Some one hundred years ago in Russia, persecuted Marxists began to gather secretly in small circles in order to study Marx’s manifesto; they simplified the contents of this simple ideology in order to disseminate it to other circles, whose members, simplifying further and further this simplification of the simple, kept passing it on and on, so that when Marxism became known and powerful on the whole planet all the was left of it was a collection of six or seven slogans, so poorly linked it can hardly be called an ideology. And precisely because the remnants of Marx no longer form any logical system of ideas, but only a series of suggestive images and slogans (a smiling worker with a hammer, black, white and yellow men fraternally holding hands, the dove of peace rising to the sky, and so on and so on), we can rightfully talk of a gradual, general, planetary transformation of ideology into imagology.



Imagology! Who first thought up this remarkable neologism? …It doesn’t matter. What matters is that this word finally lets us put under one roof something that goes by so many names: advertising agencies; political campaign managers; designers who devise the shapes of everything from cars to gym equipment; fashion stylists; barbers; show-business stars dictating the norms of physical beauty that all branches of imagology obey.

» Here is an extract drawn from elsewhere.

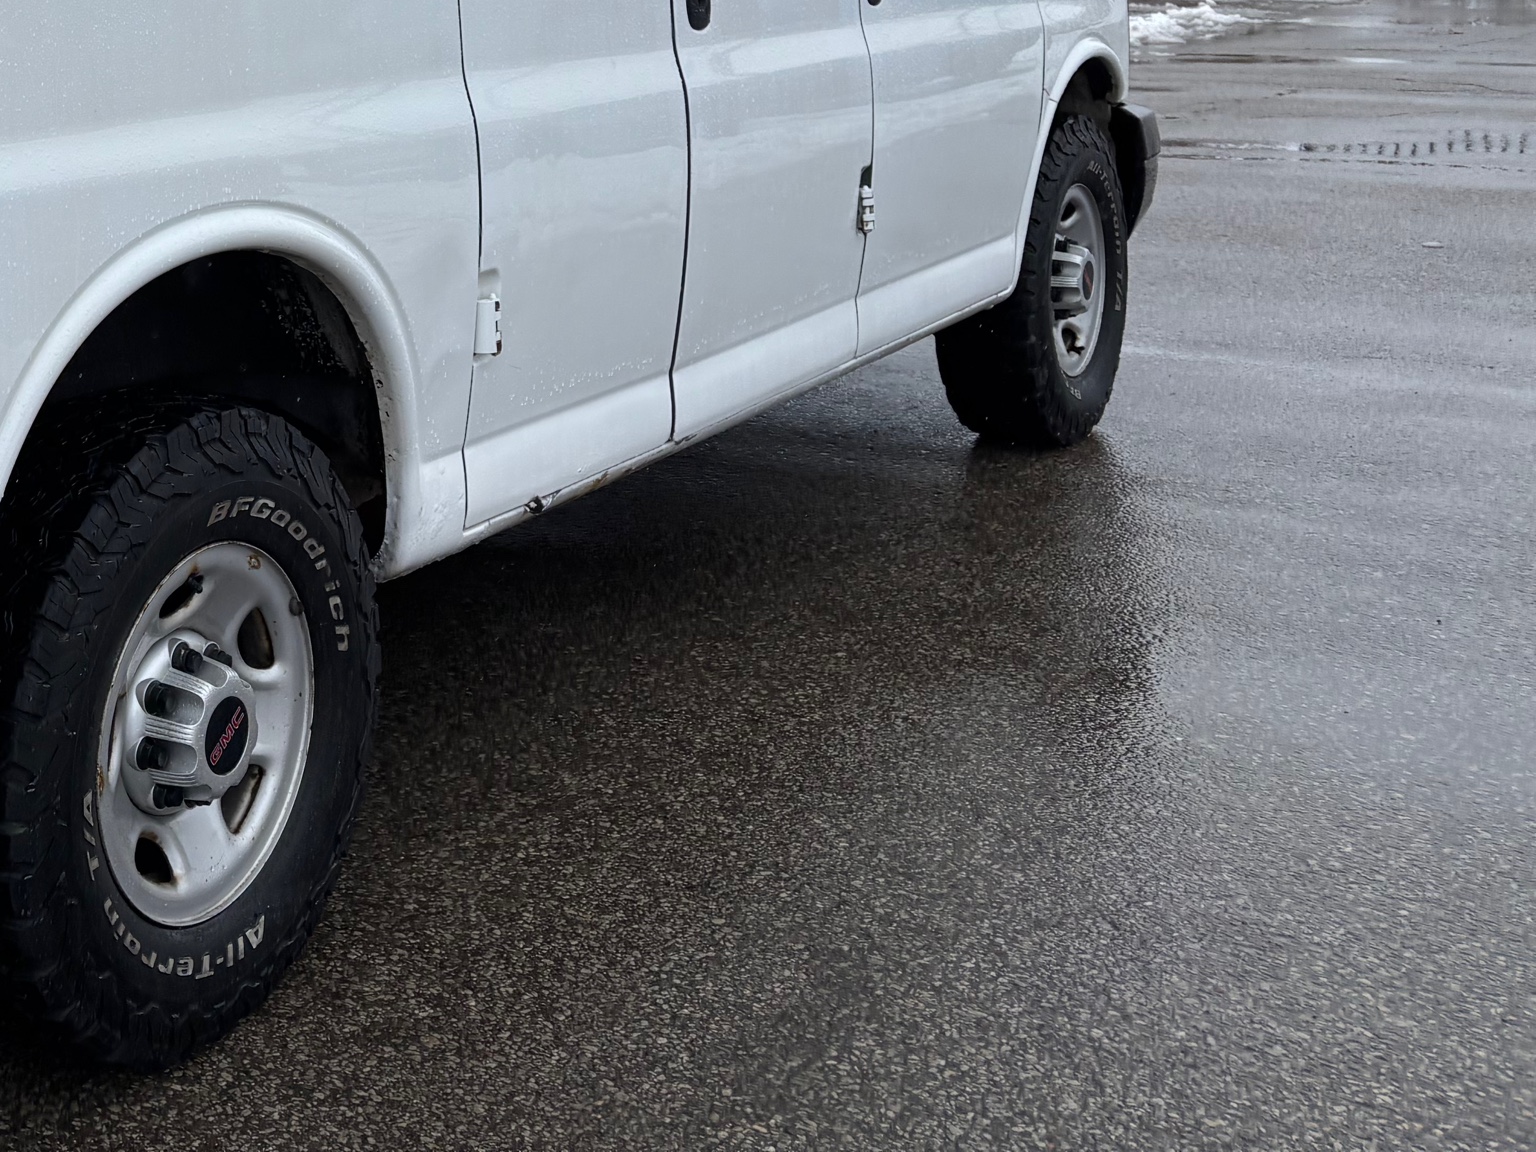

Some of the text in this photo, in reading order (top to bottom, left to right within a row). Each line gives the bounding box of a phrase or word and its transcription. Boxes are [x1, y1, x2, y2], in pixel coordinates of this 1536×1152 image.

All ideologies have been defeated: in the end their dogmas were unmasked as illusions and people stopped taking them seriously. For example, communists used to believe that in the course of capitalist development the proletariat would gradually grow poorer and poorer, but when it finally became clear that all over Europe workers were driving to work in their own cars, they felt like shouting that reality was deceiving them. Reality was stronger than ideology. And it is in this sense that imagology surpassed it: imagology is stronger than reality, which has anyway long since ceased to be what it was for my grandmother, who lived in a Moravian Village and still knew everything though her own experience: how bread is baked, how a house is built, how a pig is slaughtered and the meat smoked, what quilts are made of, what the priest and the schoolteacher think about the world; she met the whole village every day and knew how many murders were committed in the country over the last ten years; she had, so to speak, personal control over reality, and nobody could fool her by maintaining that Moravian agriculture was thriving when people at home had nothing to eat. My Paris neighbour spends his time in an office, where he sits for eight hours facing an office colleague, then he sits in his car and drives home, turns on the TV and when the announcer informs him that in the latest public opinion poll the majority of Frenchmen voted their country the safest in Europe (I recently read such a report), he is overjoyed and opens a bottle of champagne without ever learning that three thefts and two murders were committed on his street that very day.





Imagologues create systems of ideals and anti-ideals, systems of short duration which are quickly replaced by other systems but which influence our behaviour, our political opinions and aesthetic tastes, the colour of carpets and the selection of books just as in the past we have been ruled by the systems of ideologues.